Por José Pastore
No livro organizado por Edmar Bacha e Simon Schwartzman (Brasil: a nova agenda social, Rio de Janeiro, LTC, 2011), os autores indicam que os serviços públicos brasileiros, com poucas exceções, são extremamente precários para aquilo que custam: 12% do PIB! Uma avaliação realizada pela Organização para Cooperação e Desenvolvimento Econômico (OCDE) revelou igualmente que os conceitos de eficiência e produtividade são praticamente inexistentes no serviço público brasileiro (OCDE, Avaliação dos recursos humanos do Brasil, Rio de Janeiro, 2010).
Apesar de tantas constatações desse tipo, pouco se discutiu o assunto durante a greve dos 300 mil servidores públicos federais. Não seria esta a hora de saber a quantas anda a qualidade dos serviços públicos nas escolas, nos hospitais, órgãos de segurança, tribunais de justiça e tantos outros?
Os aumentos concedidos pelo governo não tiveram nenhuma vinculação com a melhoria do atendimento à população. A administração dos recursos humanos do governo se resume à negociação de salários e benefícios, e nada sobre qualidade dos serviços.
Reconheço que a maioria dos servidores é recrutada por meio de provas difíceis em que demonstram conhecer a profissão. Os concursos públicos vêm despertando grande interesse pois, além da estabilidade de emprego, oferecem salários iniciais bem acima dos do setor privado. Mas, passada a fase de recrutamento, os servidores públicos são pouco estimulados a trabalhar com eficiência. As promoções se baseiam muito mais no tempo do que na qualidade dos serviços. Para a conquista de melhores salários e benefícios, a força das corporações sindicais passa por cima da avaliação da produtividade. Nos poucos casos em que há bônus atrelado ao desempenho, o sistema é rudimentar e, com frequência, é atropelado pelos sindicalistas que forçam a administração a abandonar o expediente ou a generalizar o bônus. Não sei o que é pior.
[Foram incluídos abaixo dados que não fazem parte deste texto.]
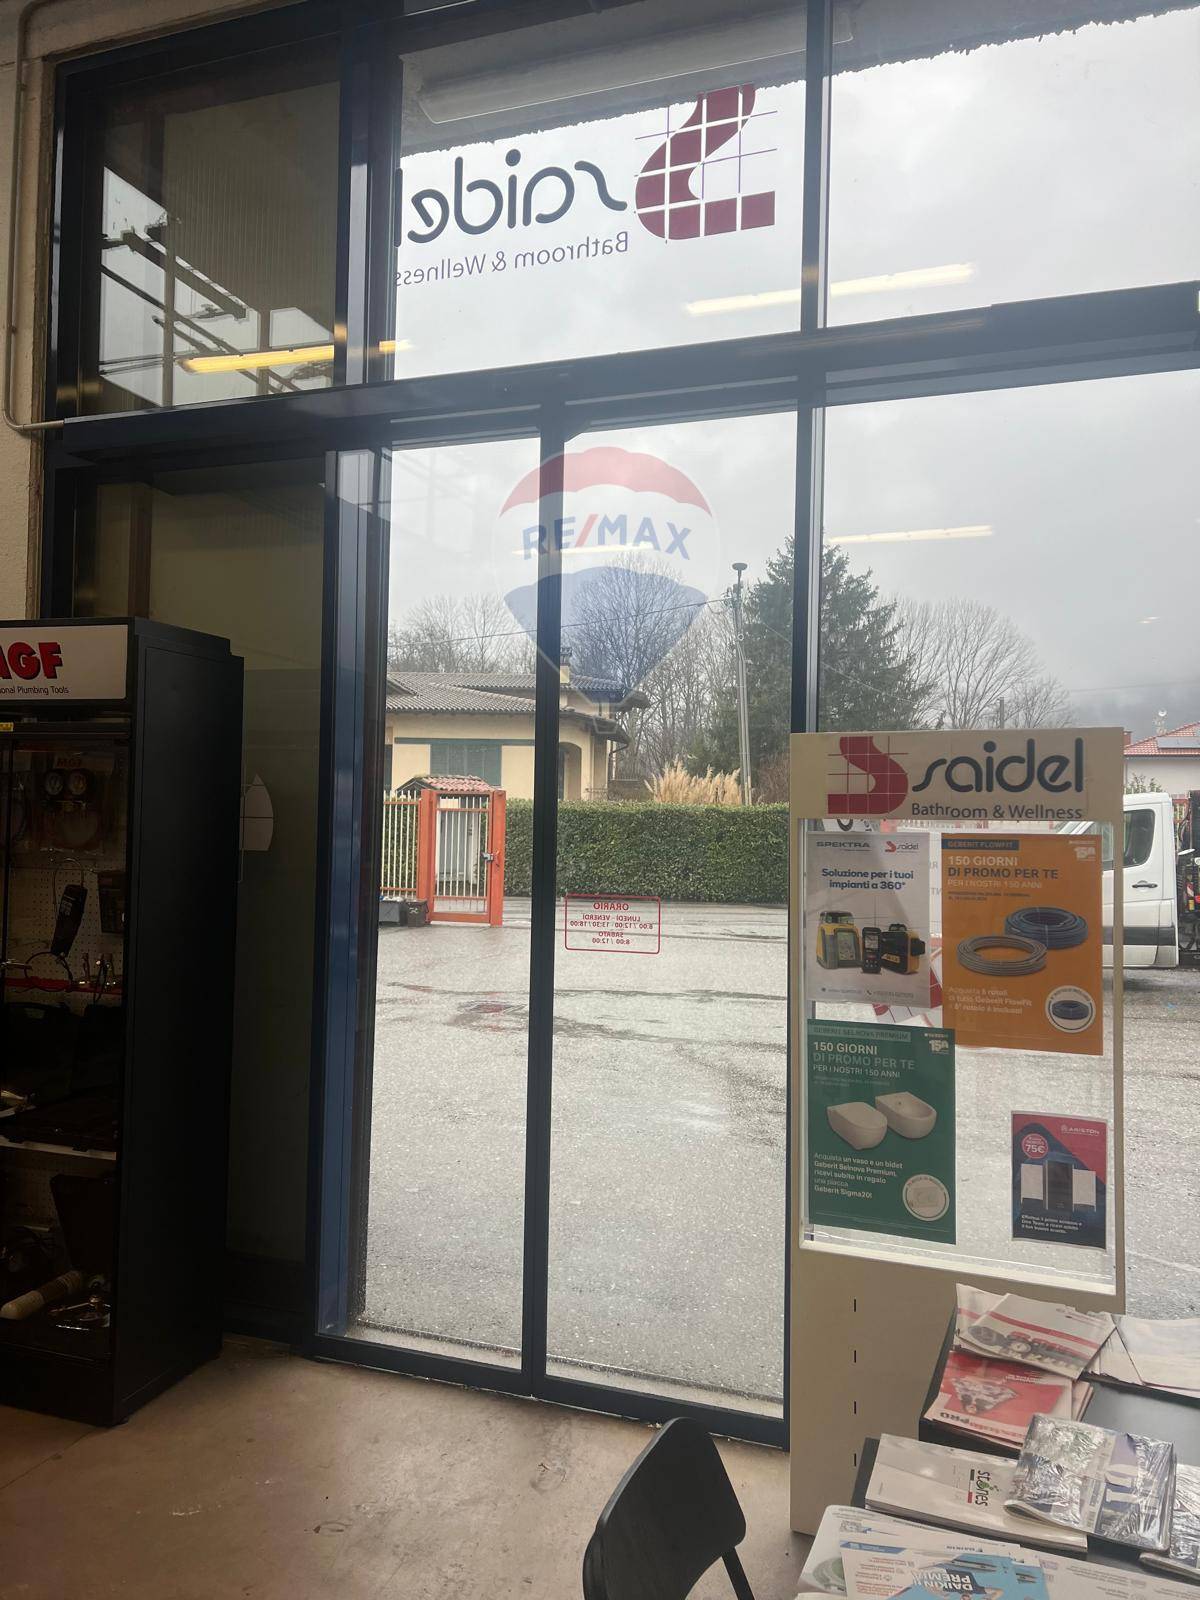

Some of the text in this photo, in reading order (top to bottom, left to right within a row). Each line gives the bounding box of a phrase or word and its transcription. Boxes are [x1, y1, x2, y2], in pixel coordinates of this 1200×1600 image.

[17, 685, 49, 696] Plumbing
[50, 685, 70, 694] Tools
[911, 737, 1084, 793] saidel
[911, 803, 1083, 820] Bathroom & Wellness
[948, 856, 1018, 866] 150 GIORNI
[821, 868, 868, 877] Soluzione
[871, 871, 887, 880] per
[894, 870, 914, 879] tuoi
[948, 868, 1058, 879] DI PROMO PER TE
[829, 880, 870, 890] impianti
[880, 881, 906, 890] 360°
[947, 879, 964, 887] PER
[813, 1042, 878, 1055] 150 GIORNI
[813, 1052, 916, 1070] DI PROMO PER TE
[813, 1064, 828, 1072] PER
[834, 1066, 862, 1075] NOSTRI
[865, 1068, 880, 1077] 150
[880, 1070, 900, 1078] ANNI
[1025, 1144, 1046, 1154] 75€
[814, 1152, 842, 1162] Acquista
[885, 1161, 903, 1169] bidet
[814, 1161, 838, 1169] Geberit
[814, 1169, 833, 1177] ricevi
[834, 1171, 855, 1181] subito
[864, 1175, 887, 1184] regalo
[814, 1185, 840, 1194] Geberit
[975, 1470, 991, 1507] stones
[924, 1579, 974, 1591] DAIKIN
Estamos longe de quadros efetivamente comprometidos com a prestação de serviços de alta qualidade. Há poucos incentivos para estudar e crescer nas carreiras públicas. Inexiste, no Brasil, um sistema de prestação de contas do serviço oferecido, nem para servidores nem para os órgãos públicos. Os valores de eficiência, atenção, apreço, cordialidade, etc., são desconhecidos da maioria e não fazem parte de um sistema de cobrança efetivo. Nem temos mecanismos de pressão que possam ser utilizados pelo público para demandar melhoria de atendimento. No setor privado, onde os empregados podem perder o emprego e a empresa pode perder market share, ganhar muito ou pouco é função da qualidade do trabalho. No setor público, com honrosas exceções, a combinação do monopólio na prestação de serviços com a estabilidade de emprego faz perpetuar a baixa qualidade dos serviços prestados.
Convenhamos, administrar recursos humanos não se resume a negociar salários. É preciso avaliar o que as pessoas entregam à empresa e, no caso do governo, aos cidadãos. Falta ao setor público uma gestão de pessoal que tenha como norte a busca permanente da competência e da qualidade. Nela, a remuneração é uma das ferramentas para chegar à eficiência. Os gestores precisam ter alçada para diferenciar as recompensas de acordo com o desempenho dos funcionários. Isso vai muito além de uma política de salários.
Em suma, precisamos eliminar o abismo que existe entre a racionalidade dos concursos de ingresso e a precariedade do sistema de avaliação dos servidores ao longo dos 30 anos que sucedem ao ingresso. A situação exige uma reforma que valorize e cobre competência profissional e condutas adequadas dos servidores. Se isso é de extrema importância nos dias de hoje, será muito mais crítico nos próximos anos, quando, em decorrência do envelhecimento da população, os serviços públicos serão ainda mais demandados.